-- Opening Marker --
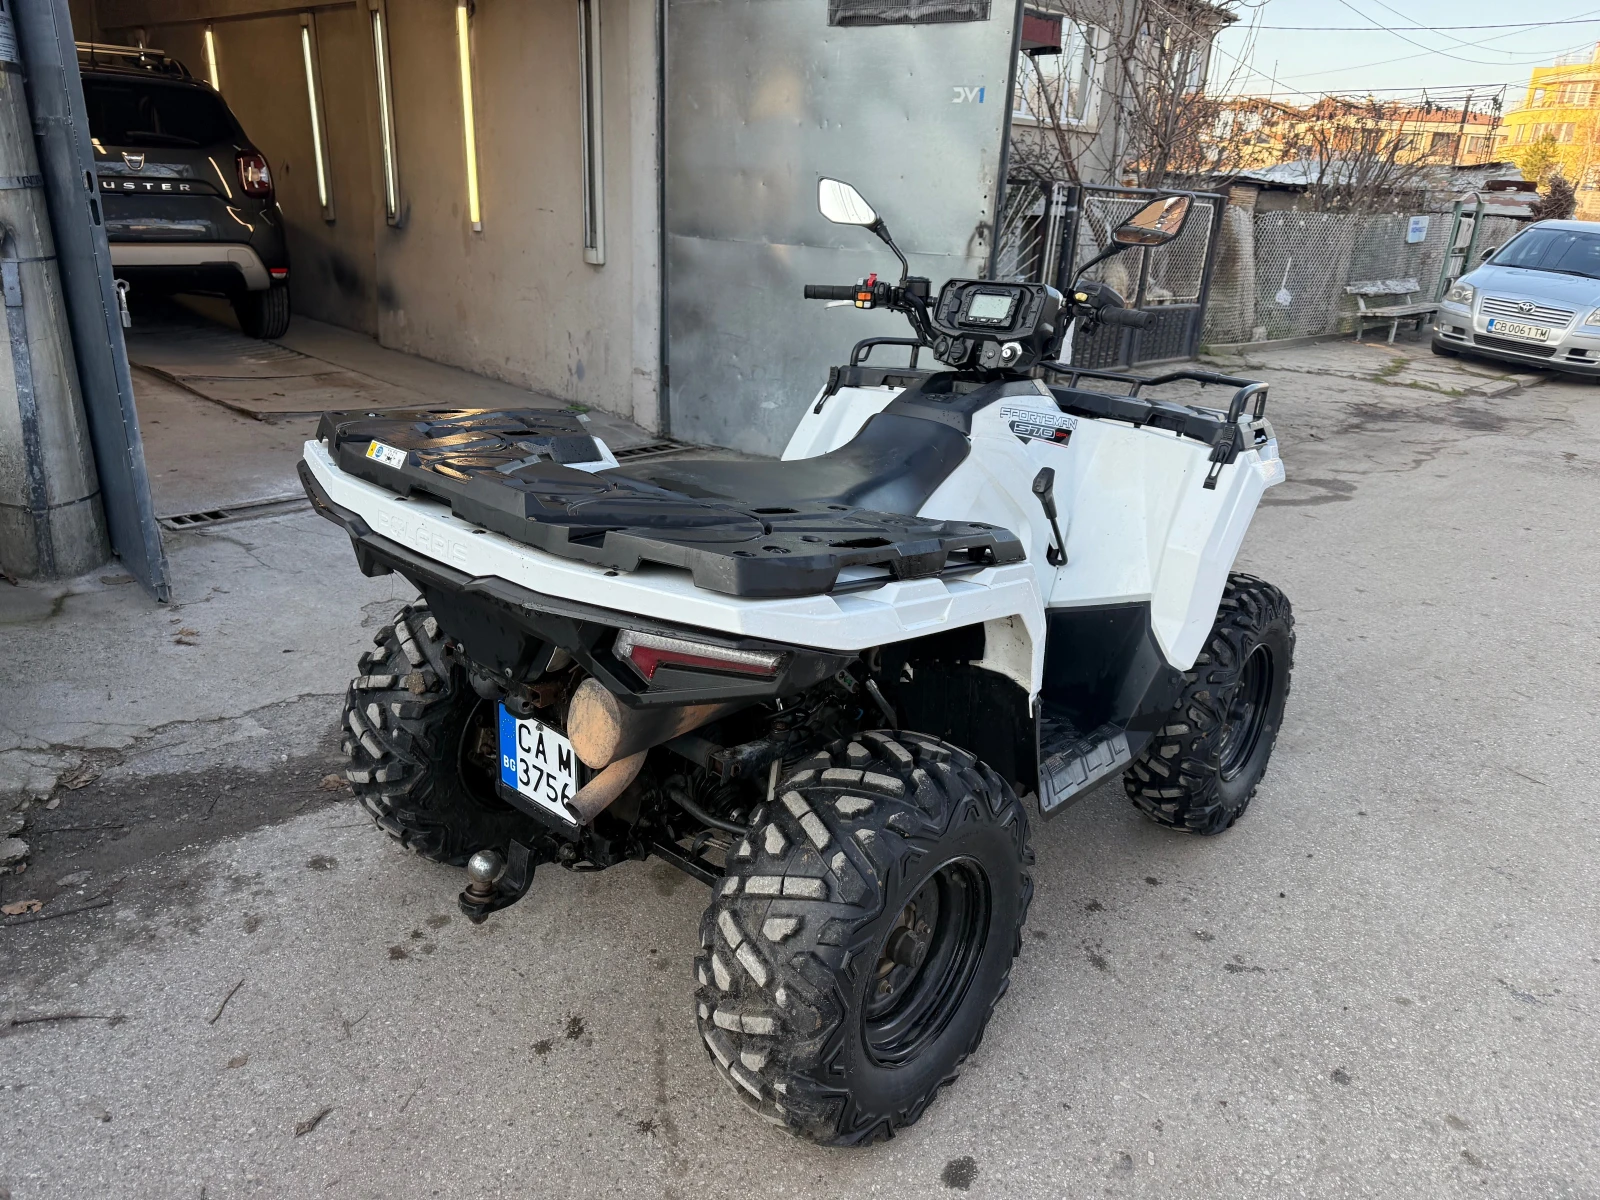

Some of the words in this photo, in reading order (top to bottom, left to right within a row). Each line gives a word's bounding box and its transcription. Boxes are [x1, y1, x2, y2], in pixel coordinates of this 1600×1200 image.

[101, 181, 191, 191] USTER
[1494, 321, 1507, 331] CB
[1508, 324, 1532, 336] 0061
[1534, 327, 1548, 338] TM
[1000, 406, 1079, 430] SPORTSMAN
[1013, 422, 1056, 439] 570
[377, 508, 468, 564] POLARIS
[518, 723, 548, 765] CA
[558, 743, 572, 778] M
[503, 754, 516, 772] BG
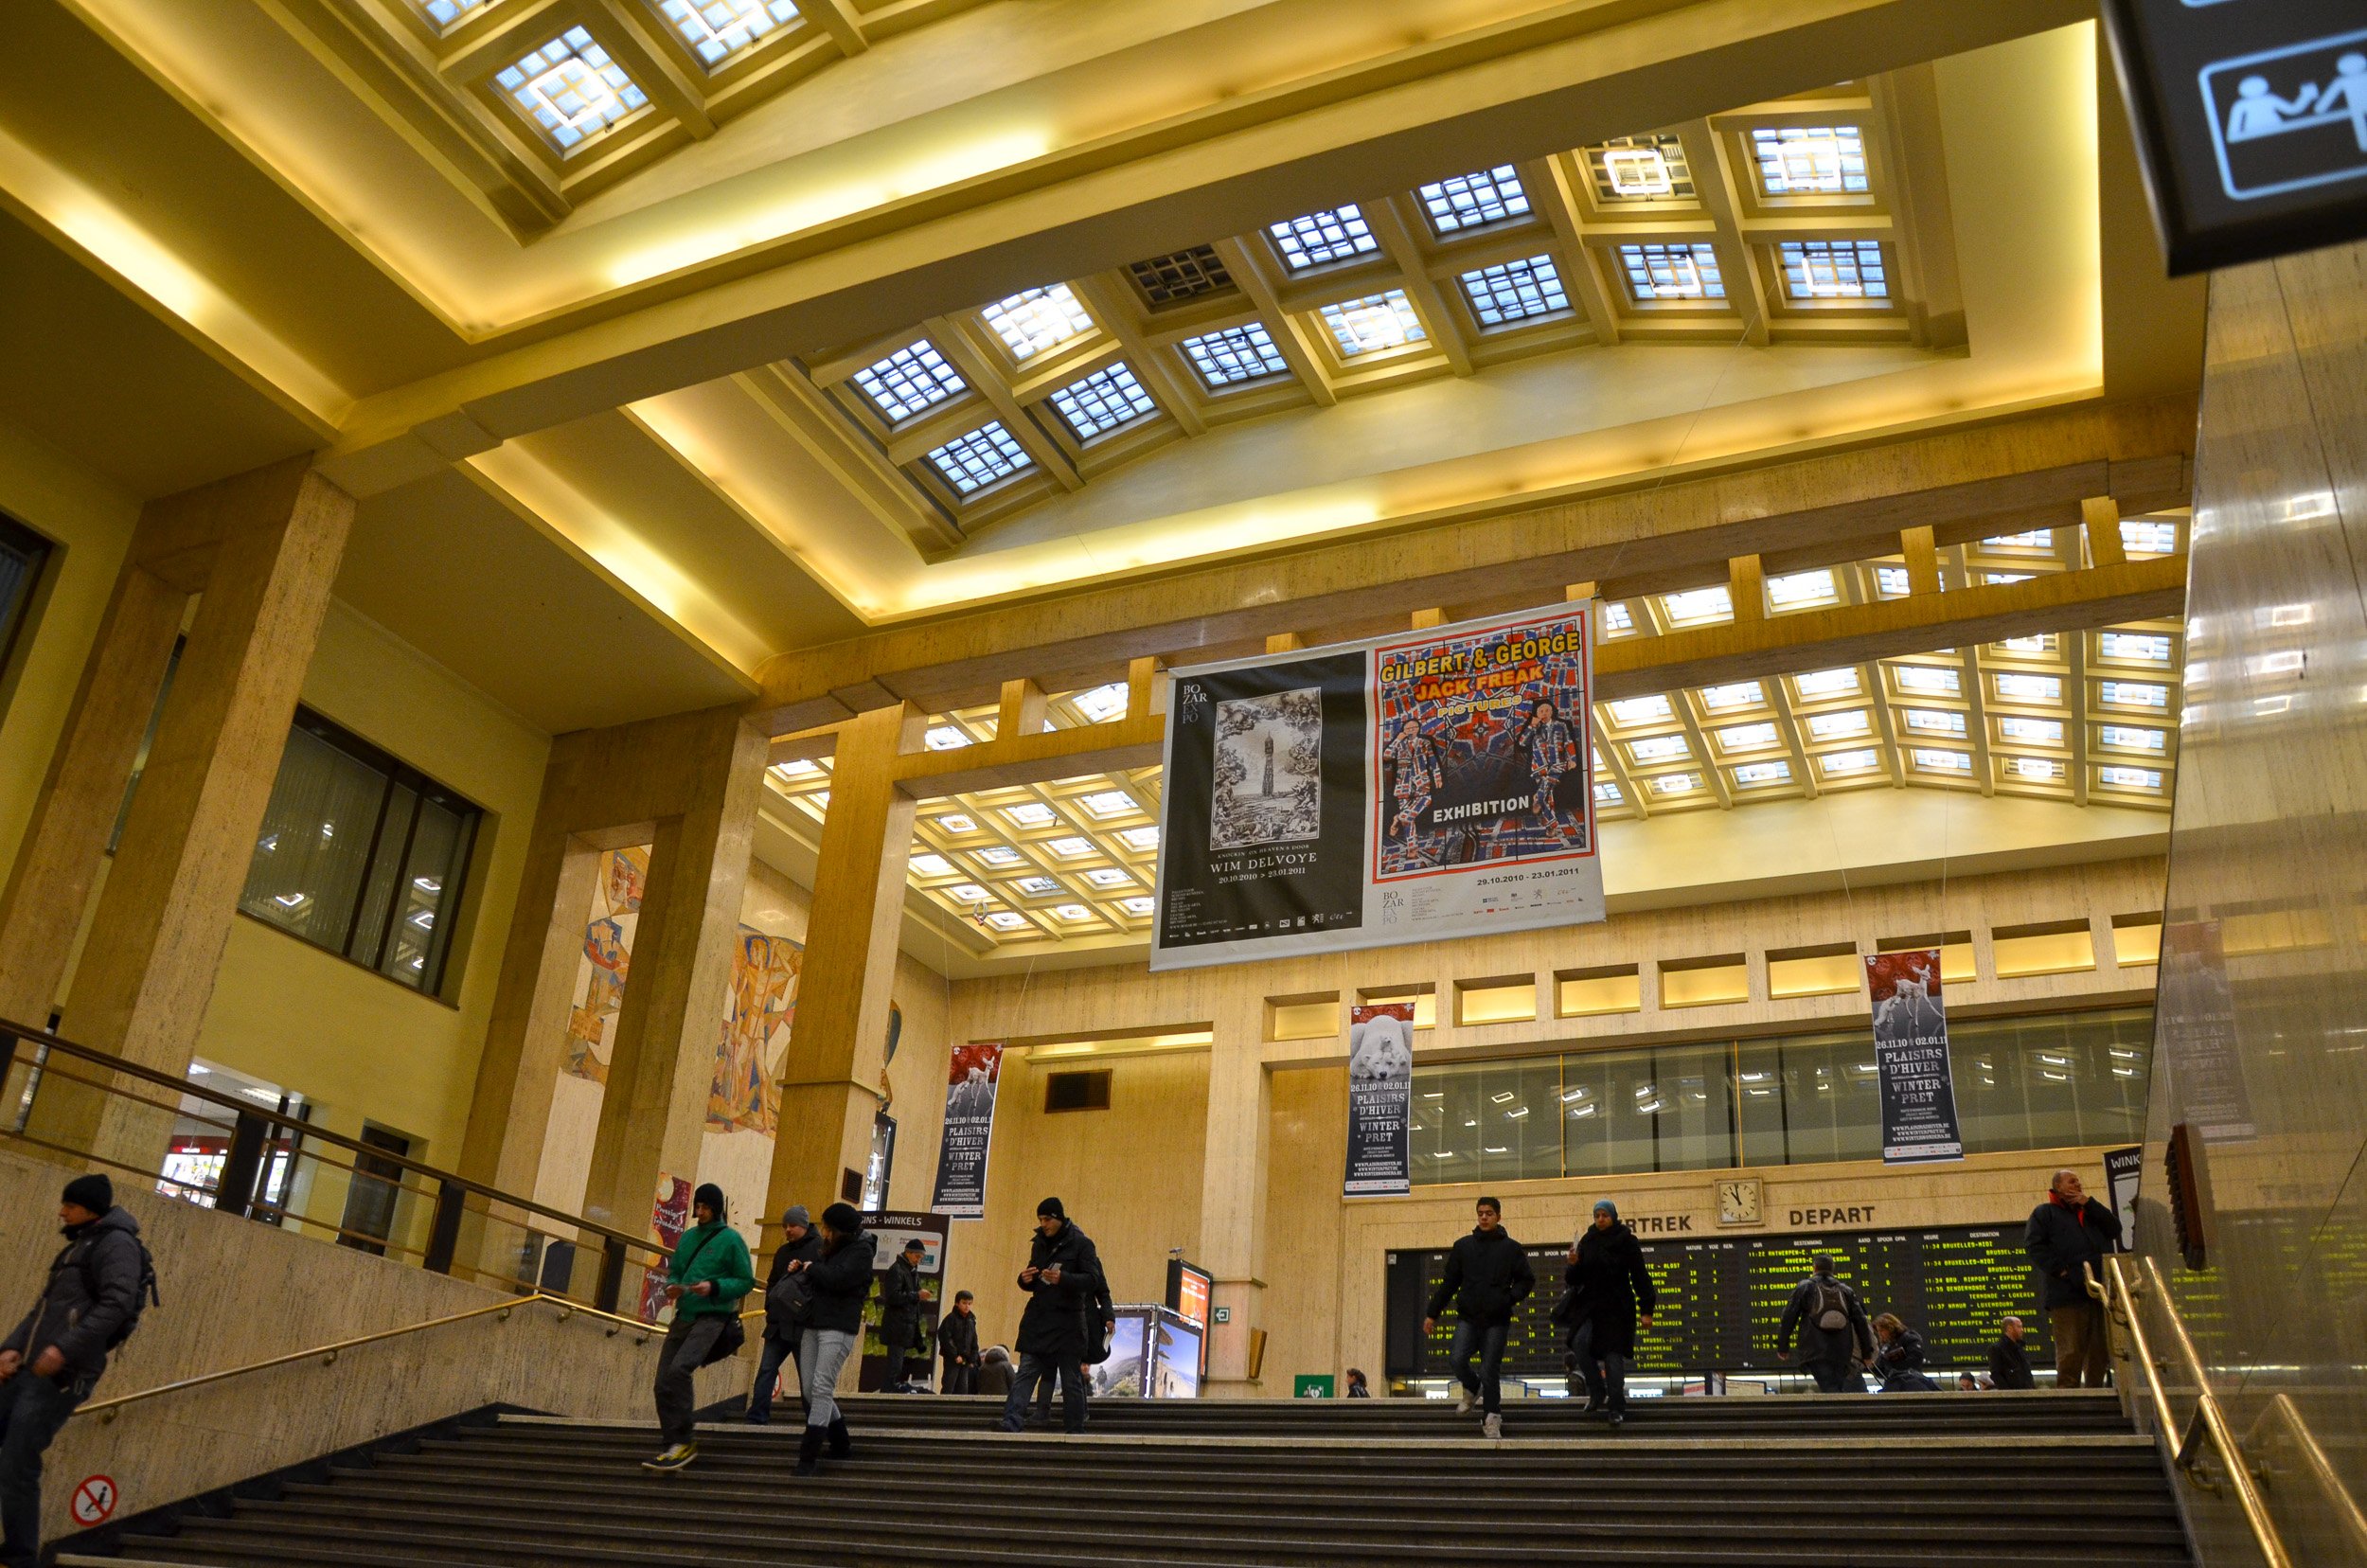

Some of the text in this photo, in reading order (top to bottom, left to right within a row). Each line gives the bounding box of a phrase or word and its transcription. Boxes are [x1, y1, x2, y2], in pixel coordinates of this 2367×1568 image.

[1380, 652, 1466, 683] GILBERT
[1472, 647, 1488, 668] &
[1495, 631, 1580, 662] GEORGE
[1415, 675, 1470, 702] JACK
[1475, 665, 1544, 692] FREAK
[1184, 684, 1201, 695] BO
[1183, 692, 1207, 704] ZAR
[1437, 695, 1522, 718] PICTURES
[1433, 795, 1530, 824] EXHIBITION
[1211, 852, 1318, 874] WIM DELVOYE
[1219, 873, 1257, 884] 20.10.2010
[1268, 866, 1307, 878] 23.01.2011
[1477, 874, 1523, 886] 29.10.2010
[1531, 867, 1579, 881] 23.01.2011
[1383, 890, 1398, 900] BO
[1383, 899, 1404, 909] ZAR
[1877, 1039, 1908, 1049] 26.11.10
[1885, 1048, 1942, 1062] PLAISIRS
[1890, 1060, 1940, 1075] D'HIVER
[1351, 1083, 1377, 1092] 26.11.10
[1892, 1078, 1942, 1092] WINTER
[1357, 1093, 1405, 1104] PLAISIRS
[1901, 1092, 1933, 1104] PRET
[1360, 1105, 1400, 1115] D'HIVER
[945, 1116, 966, 1125] 26.11.10
[1359, 1121, 1399, 1131] WINTER
[949, 1127, 988, 1136] PLAISIRS
[950, 1136, 984, 1146] D'HIVER
[1365, 1132, 1393, 1143] PRET
[949, 1151, 981, 1161] WINTER
[2110, 1154, 2141, 1168] WINK
[952, 1162, 974, 1171] PRET
[883, 1216, 922, 1226] WINKELS
[1789, 1206, 1875, 1226] DEPART
[1622, 1215, 1693, 1233] RTREK
[1942, 1240, 1993, 1249] BRUXELLES-MIDI
[1944, 1257, 1995, 1266] BRUXELLES-MIDI
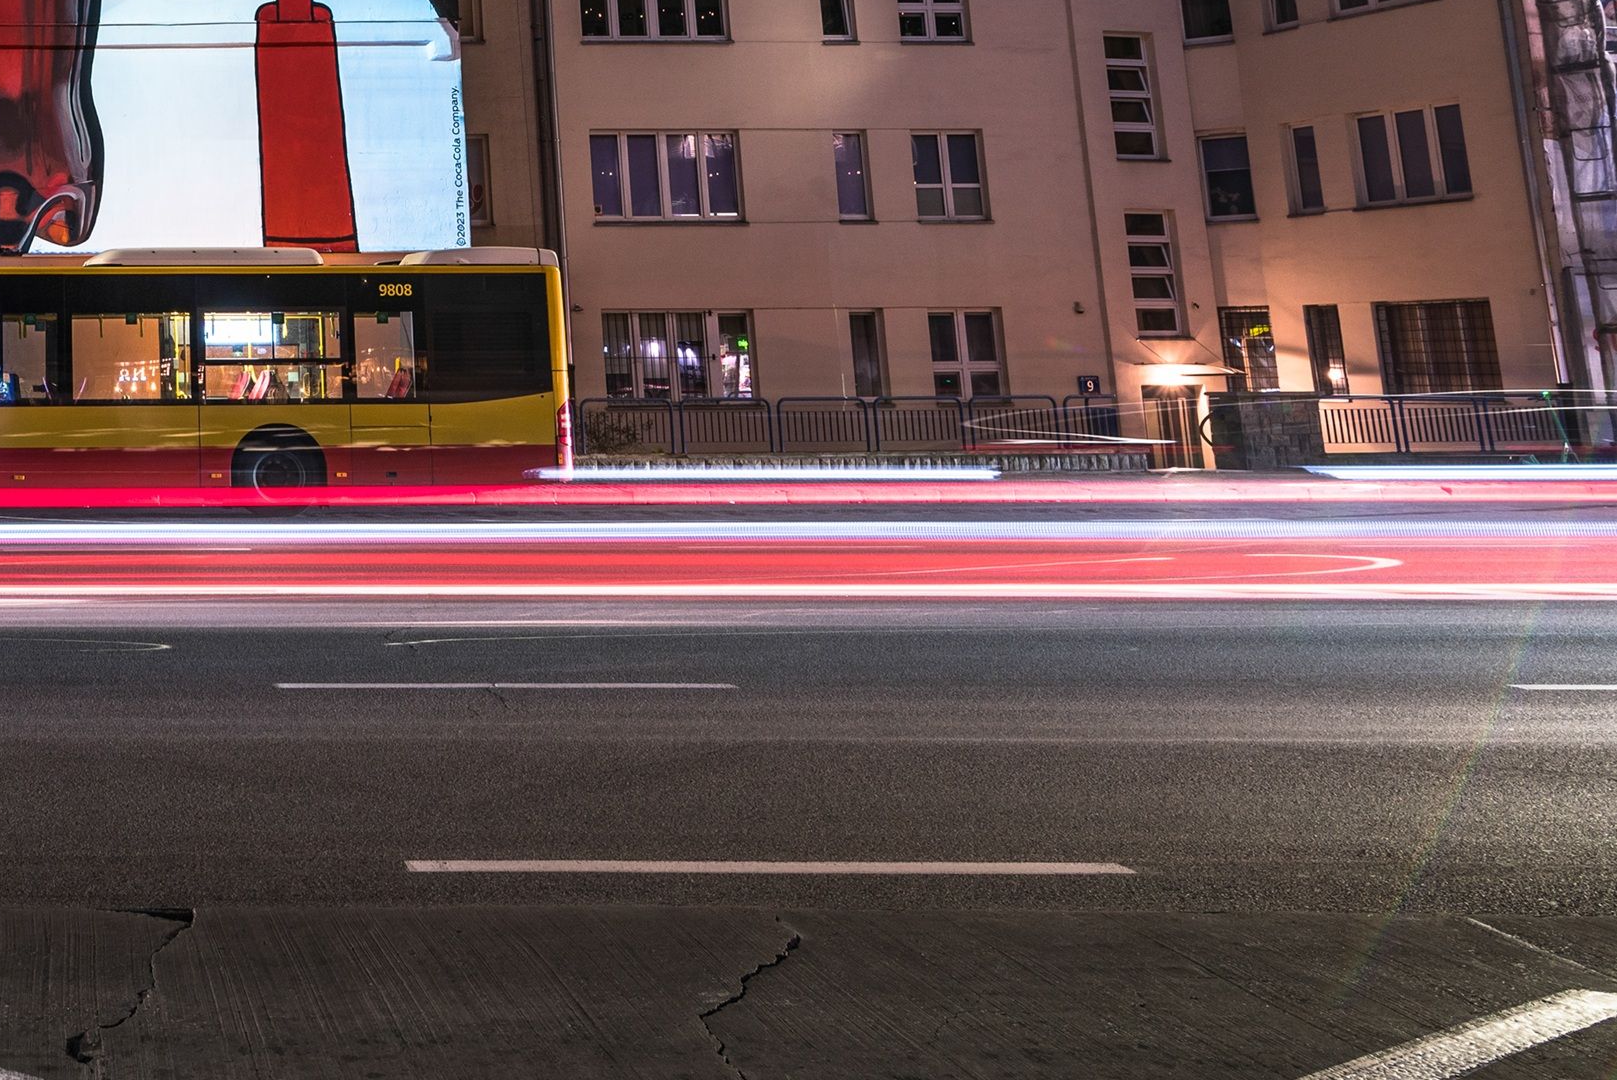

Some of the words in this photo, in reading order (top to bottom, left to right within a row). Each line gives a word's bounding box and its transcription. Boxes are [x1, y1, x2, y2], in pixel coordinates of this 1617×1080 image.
-- Closing Marker --
PROBLEM TO WORK ON » What you return must match the material above exactly, apart from its pictures.

ANSWER TO THE EXERCISE »
Some of the words in this photo, in reading order (top to bottom, left to right within a row). Each line gives a word's bounding box and its transcription. Boxes are [x1, y1, x2, y2], in pixel coordinates of this 1600×1200 image.

[101, 181, 191, 191] USTER
[1494, 321, 1507, 331] CB
[1508, 324, 1532, 336] 0061
[1534, 327, 1548, 338] TM
[1000, 406, 1079, 430] SPORTSMAN
[1013, 422, 1056, 439] 570
[377, 508, 468, 564] POLARIS
[518, 723, 548, 765] CA
[558, 743, 572, 778] M
[503, 754, 516, 772] BG

Some of the text in this photo, in reading order (top to bottom, left to right within a row). Each line gives the bounding box of a phrase or word and its transcription. Boxes are [x1, y1, x2, y2], in pixel coordinates of this 2367×1568 image.

[1380, 652, 1466, 683] GILBERT
[1472, 647, 1488, 668] &
[1495, 631, 1580, 662] GEORGE
[1415, 675, 1470, 702] JACK
[1475, 665, 1544, 692] FREAK
[1184, 684, 1201, 695] BO
[1183, 692, 1207, 704] ZAR
[1437, 695, 1522, 718] PICTURES
[1433, 795, 1530, 824] EXHIBITION
[1211, 852, 1318, 874] WIM DELVOYE
[1219, 873, 1257, 884] 20.10.2010
[1268, 866, 1307, 878] 23.01.2011
[1477, 874, 1523, 886] 29.10.2010
[1531, 867, 1579, 881] 23.01.2011
[1383, 890, 1398, 900] BO
[1383, 899, 1404, 909] ZAR
[1877, 1039, 1908, 1049] 26.11.10
[1885, 1048, 1942, 1062] PLAISIRS
[1890, 1060, 1940, 1075] D'HIVER
[1351, 1083, 1377, 1092] 26.11.10
[1892, 1078, 1942, 1092] WINTER
[1357, 1093, 1405, 1104] PLAISIRS
[1901, 1092, 1933, 1104] PRET
[1360, 1105, 1400, 1115] D'HIVER
[945, 1116, 966, 1125] 26.11.10
[1359, 1121, 1399, 1131] WINTER
[949, 1127, 988, 1136] PLAISIRS
[950, 1136, 984, 1146] D'HIVER
[1365, 1132, 1393, 1143] PRET
[949, 1151, 981, 1161] WINTER
[2110, 1154, 2141, 1168] WINK
[952, 1162, 974, 1171] PRET
[883, 1216, 922, 1226] WINKELS
[1789, 1206, 1875, 1226] DEPART
[1622, 1215, 1693, 1233] RTREK
[1942, 1240, 1993, 1249] BRUXELLES-MIDI
[1944, 1257, 1995, 1266] BRUXELLES-MIDI

Some of the words in this photo, in reading order (top to bottom, left to right within a row). Each line gives a word's bounding box and its transcription. Boxes are [x1, y1, x2, y2], in pixel coordinates of this 1617×1080 image.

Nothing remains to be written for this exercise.